According to an aspect of the invention, a multirotor platform may have a storage state and a flight state. The multirotor platform may include a main flight body having an energy source and a plurality of propellers and motors for driving the propellers, where the motors are powered by the energy source and the propellers are moveable relative to the main flight body. The multirotor platform may include a plurality of pivoting motor arms that are connected between the propellers and the main flight body, where the pivoting motor arms are in a retracted position during the storage state and are moveable to an extended position when the multirotor platform transitions from the storage state to the flight state. The pivoting motor arms may extend along the main flight body when in the retracted position. The multirotor platform may include an actuator for pivoting the motor arms toward or away from the main flight body when moving to or from the retracted position.
According to an aspect of the invention, the pivoting motor arms may be symmetrically arranged about the main flight body.
According to an aspect of the invention, the main flight body may extend along a central axis, wherein during the storage state, the motor arms may extend in a direction that is parallel to the central axis, and wherein during the flight state, the motor arms may extend in a direction that is oblique or perpendicular to the central axis of the main flight body.
According to an aspect of the invention, each of the motor arms may include a cogged shaft having ends that are secured to the main flight body, where the cogged shaft may be rotatable about a central axis of the cogged shaft for pivoting the motor arms.
According to an aspect of the invention, each of the motor arms may include a cogged arm that is perpendicularly fixed to the cogged shaft, where the cogged arm is pivotable about the central axis.
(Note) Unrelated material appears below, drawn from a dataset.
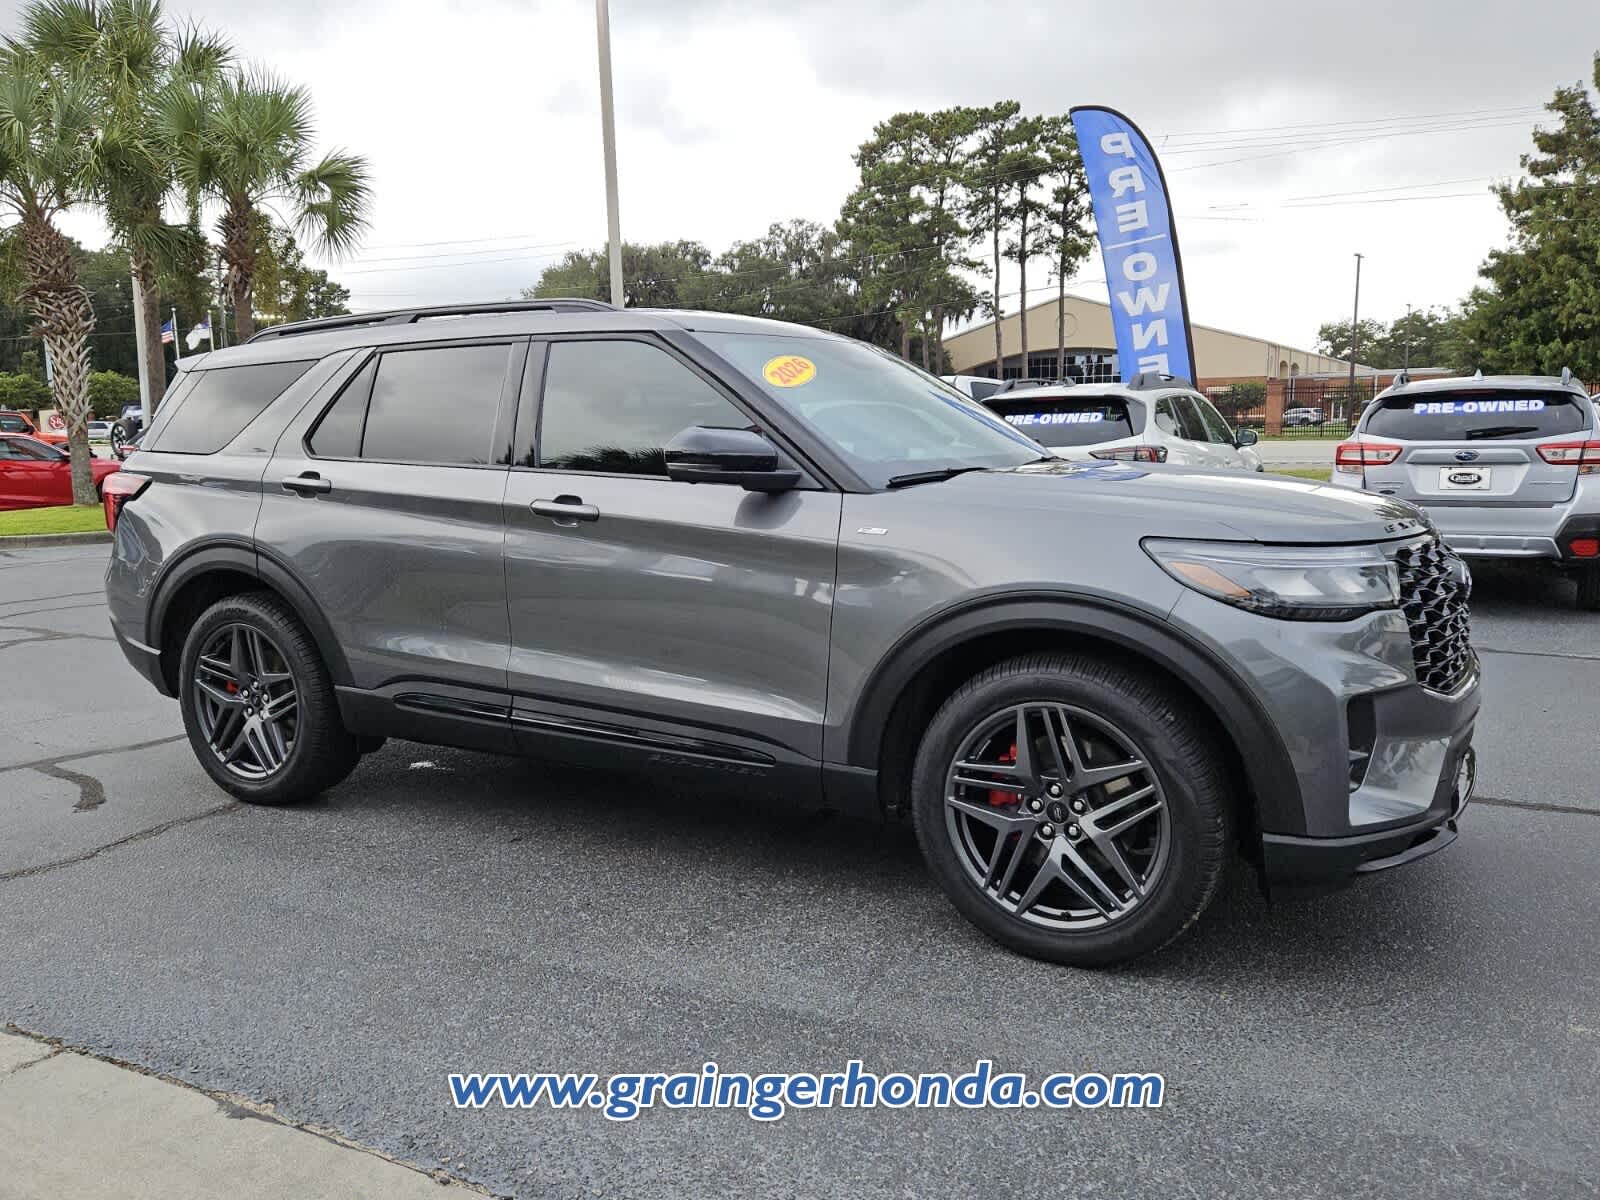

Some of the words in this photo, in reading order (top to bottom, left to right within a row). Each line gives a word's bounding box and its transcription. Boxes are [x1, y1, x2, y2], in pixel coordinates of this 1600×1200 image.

[769, 358, 810, 385] 2026
[1413, 400, 1545, 414] PRE-OWNED
[1004, 412, 1103, 425] PRE-OWNED
According to an aspect of the invention, each of the motor arms may include a bolt arranged on the cogged shaft, where the bolt may be pivotable to rotate the cogged shaft and pivot the cogged arm.
According to an aspect of the invention, the multirotor platform may include a plurality of static tubes secured between the motor arms and the motors, wherein the motors may be moveable relative to the main flight body.
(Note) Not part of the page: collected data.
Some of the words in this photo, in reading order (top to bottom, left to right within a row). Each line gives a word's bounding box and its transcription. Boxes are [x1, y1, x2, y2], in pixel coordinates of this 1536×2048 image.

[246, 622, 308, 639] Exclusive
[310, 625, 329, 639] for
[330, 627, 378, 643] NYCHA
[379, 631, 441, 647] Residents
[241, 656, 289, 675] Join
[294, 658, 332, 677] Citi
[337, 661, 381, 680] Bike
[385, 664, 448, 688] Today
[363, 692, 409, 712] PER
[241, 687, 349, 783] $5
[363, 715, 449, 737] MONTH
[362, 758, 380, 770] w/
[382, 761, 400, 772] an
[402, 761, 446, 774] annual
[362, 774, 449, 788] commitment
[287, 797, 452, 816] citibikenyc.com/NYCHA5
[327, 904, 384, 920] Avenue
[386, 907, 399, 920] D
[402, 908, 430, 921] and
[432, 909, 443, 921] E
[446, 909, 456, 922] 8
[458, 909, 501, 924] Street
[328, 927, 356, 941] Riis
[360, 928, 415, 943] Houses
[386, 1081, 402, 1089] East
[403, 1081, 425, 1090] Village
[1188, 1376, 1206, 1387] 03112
According to an aspect of the invention, the actuator may include a plurality of sources of compressed gas that are each associated with a corresponding one of the motor arms for pivoting the motor arms.
According to an aspect of the invention, the actuator may include a plurality of pre-loaded springs that are each connected to a corresponding one of the motor arms.
According to an aspect of the invention, the multirotor platform may be self-propelled for transitioning directly from the storage state to the flight state.
According to an aspect of the invention, the multirotor platform may include at least three motor arms.
According to an aspect of the invention, the multirotor platform may be a quadcopter having at least four motor arms.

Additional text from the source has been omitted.